━━━━━ Given records
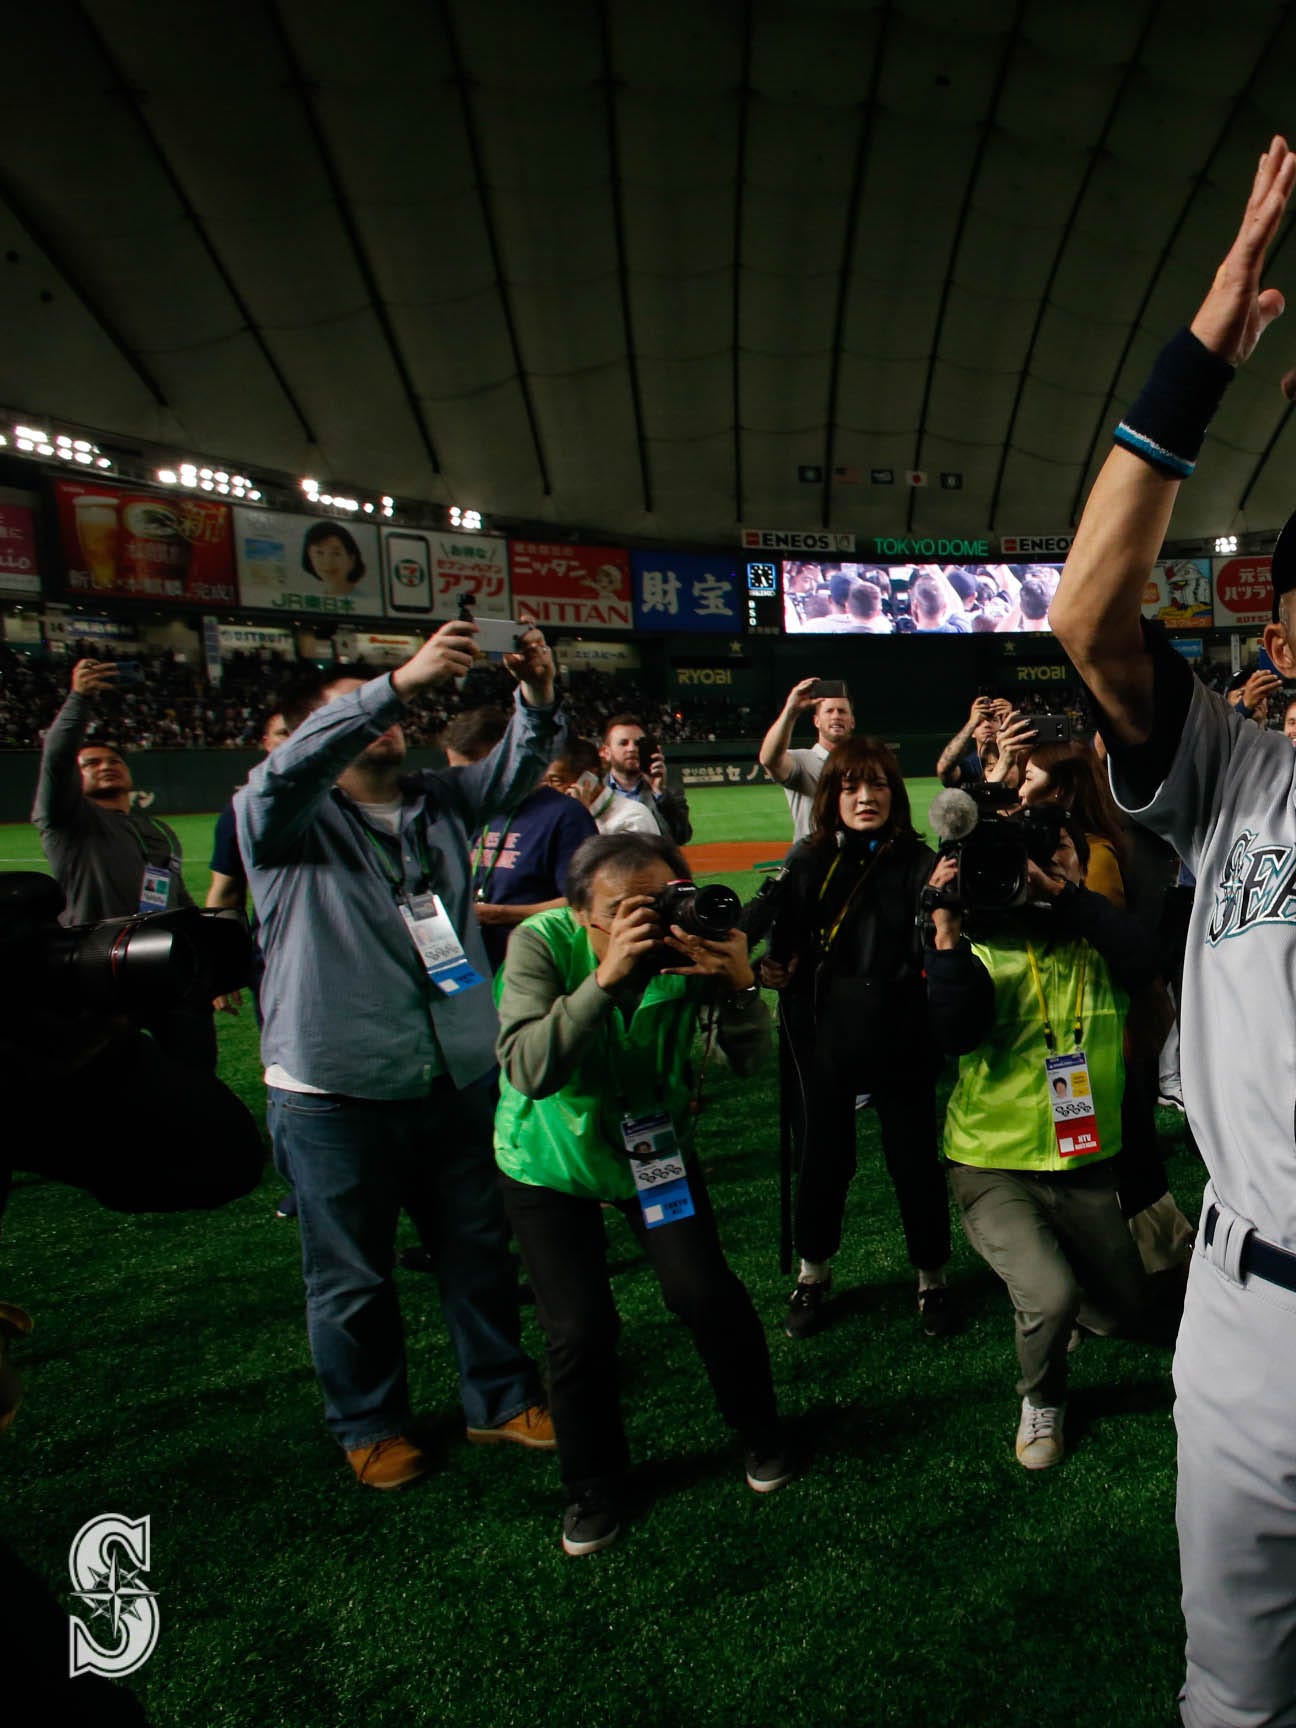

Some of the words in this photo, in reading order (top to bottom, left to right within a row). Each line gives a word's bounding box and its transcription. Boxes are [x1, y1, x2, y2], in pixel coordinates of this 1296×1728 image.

[762, 532, 830, 551] ENEOS
[874, 538, 936, 560] TOKYO
[936, 540, 990, 561] DOME
[1019, 539, 1074, 557] ENEO
[513, 555, 588, 578] ニッタン
[437, 573, 505, 598] アプリ
[640, 571, 734, 617] 財宝
[272, 593, 354, 612] JR東日本
[517, 602, 630, 624] NITTAN
[676, 668, 733, 686] RYOBI
[1016, 665, 1067, 685] RYOBI
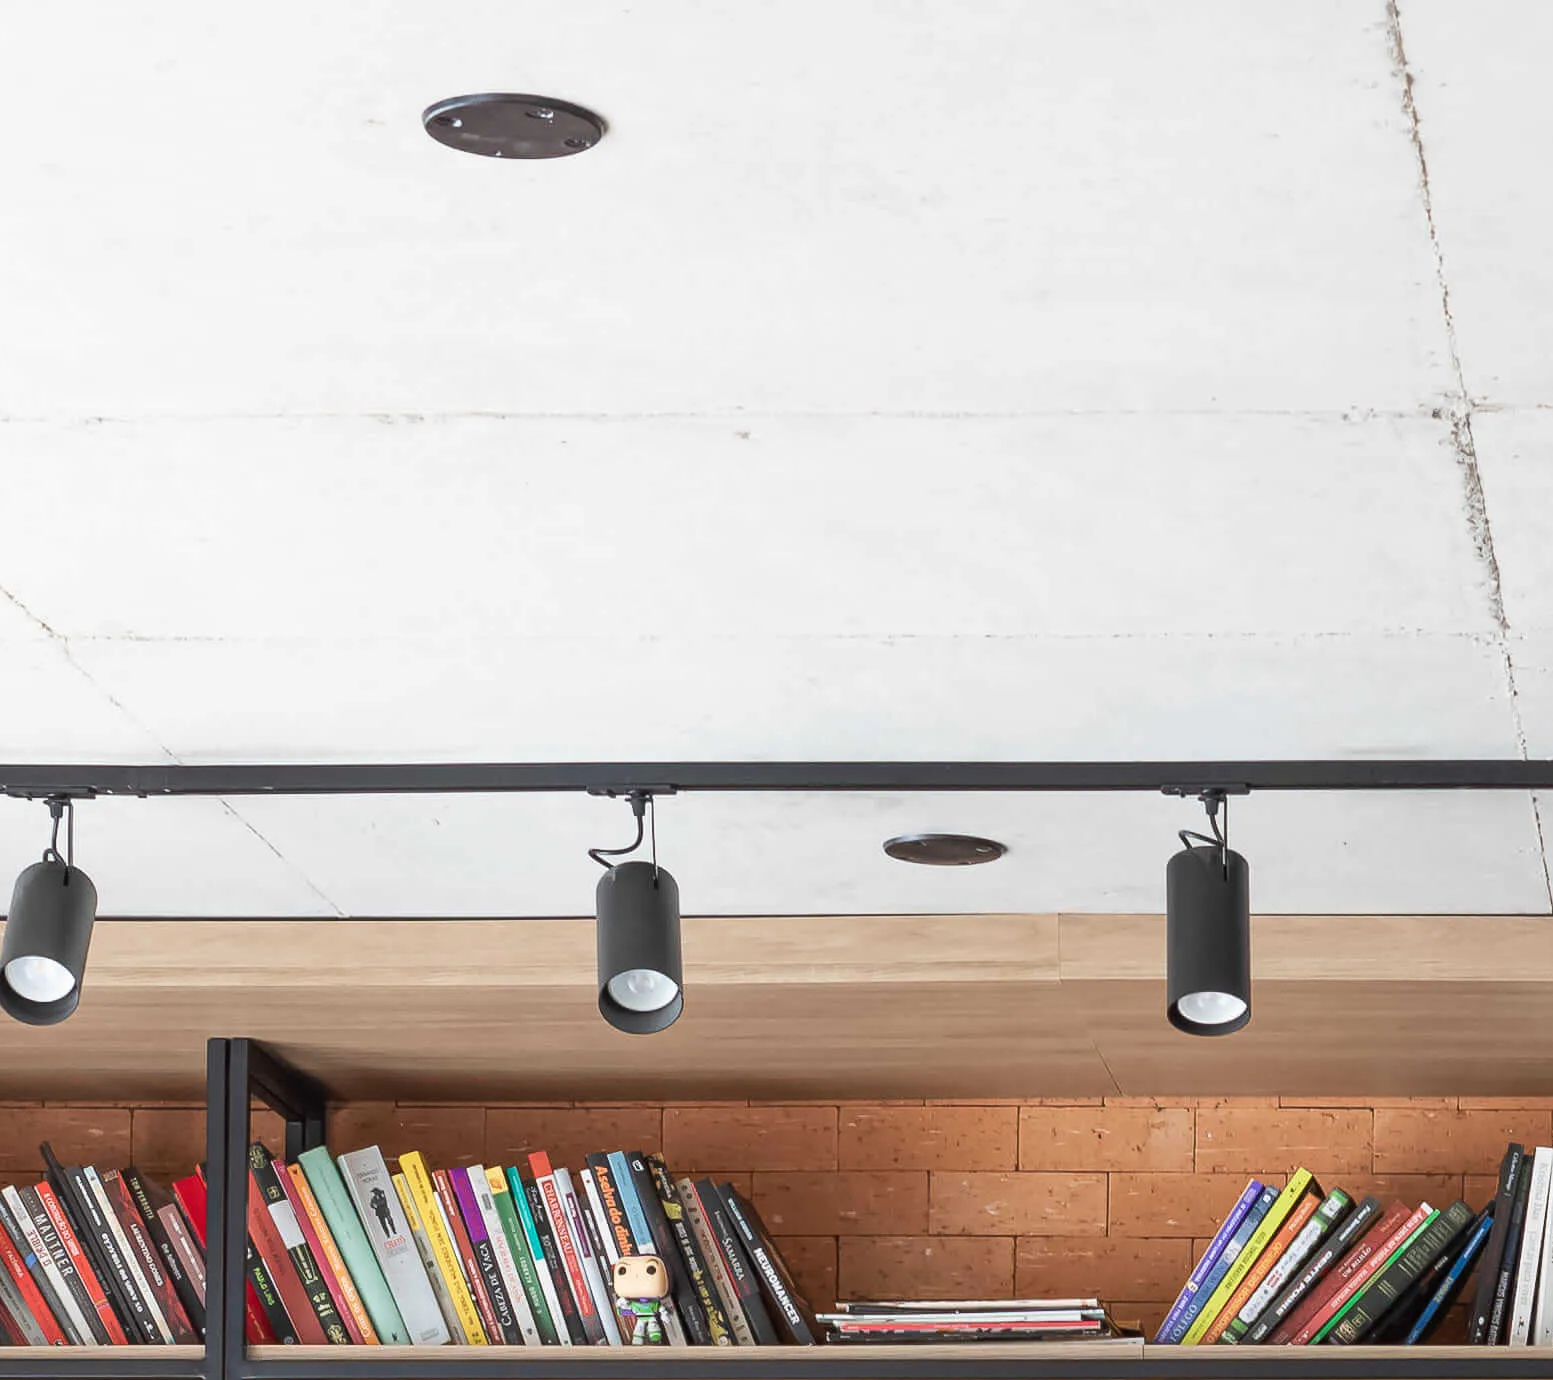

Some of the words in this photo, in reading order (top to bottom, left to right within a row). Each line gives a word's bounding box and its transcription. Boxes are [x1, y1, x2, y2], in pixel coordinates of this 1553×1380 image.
━━━━━━━━━━
Action item
Return every entry above word for word, and include no images.

Solution
Some of the words in this photo, in reading order (top to bottom, left to right within a row). Each line gives a word's bounding box and its transcription. Boxes are [x1, y1, x2, y2], in pixel coordinates of this 1296×1728 image.

[762, 532, 830, 551] ENEOS
[874, 538, 936, 560] TOKYO
[936, 540, 990, 561] DOME
[1019, 539, 1074, 557] ENEO
[513, 555, 588, 578] ニッタン
[437, 573, 505, 598] アプリ
[640, 571, 734, 617] 財宝
[272, 593, 354, 612] JR東日本
[517, 602, 630, 624] NITTAN
[676, 668, 733, 686] RYOBI
[1016, 665, 1067, 685] RYOBI

Some of the words in this photo, in reading order (top to bottom, left to right within a row). Each line gives a word's bounding box and its transcription. Boxes are [x1, y1, x2, y2], in pixel coordinates of this 1553×1380 image.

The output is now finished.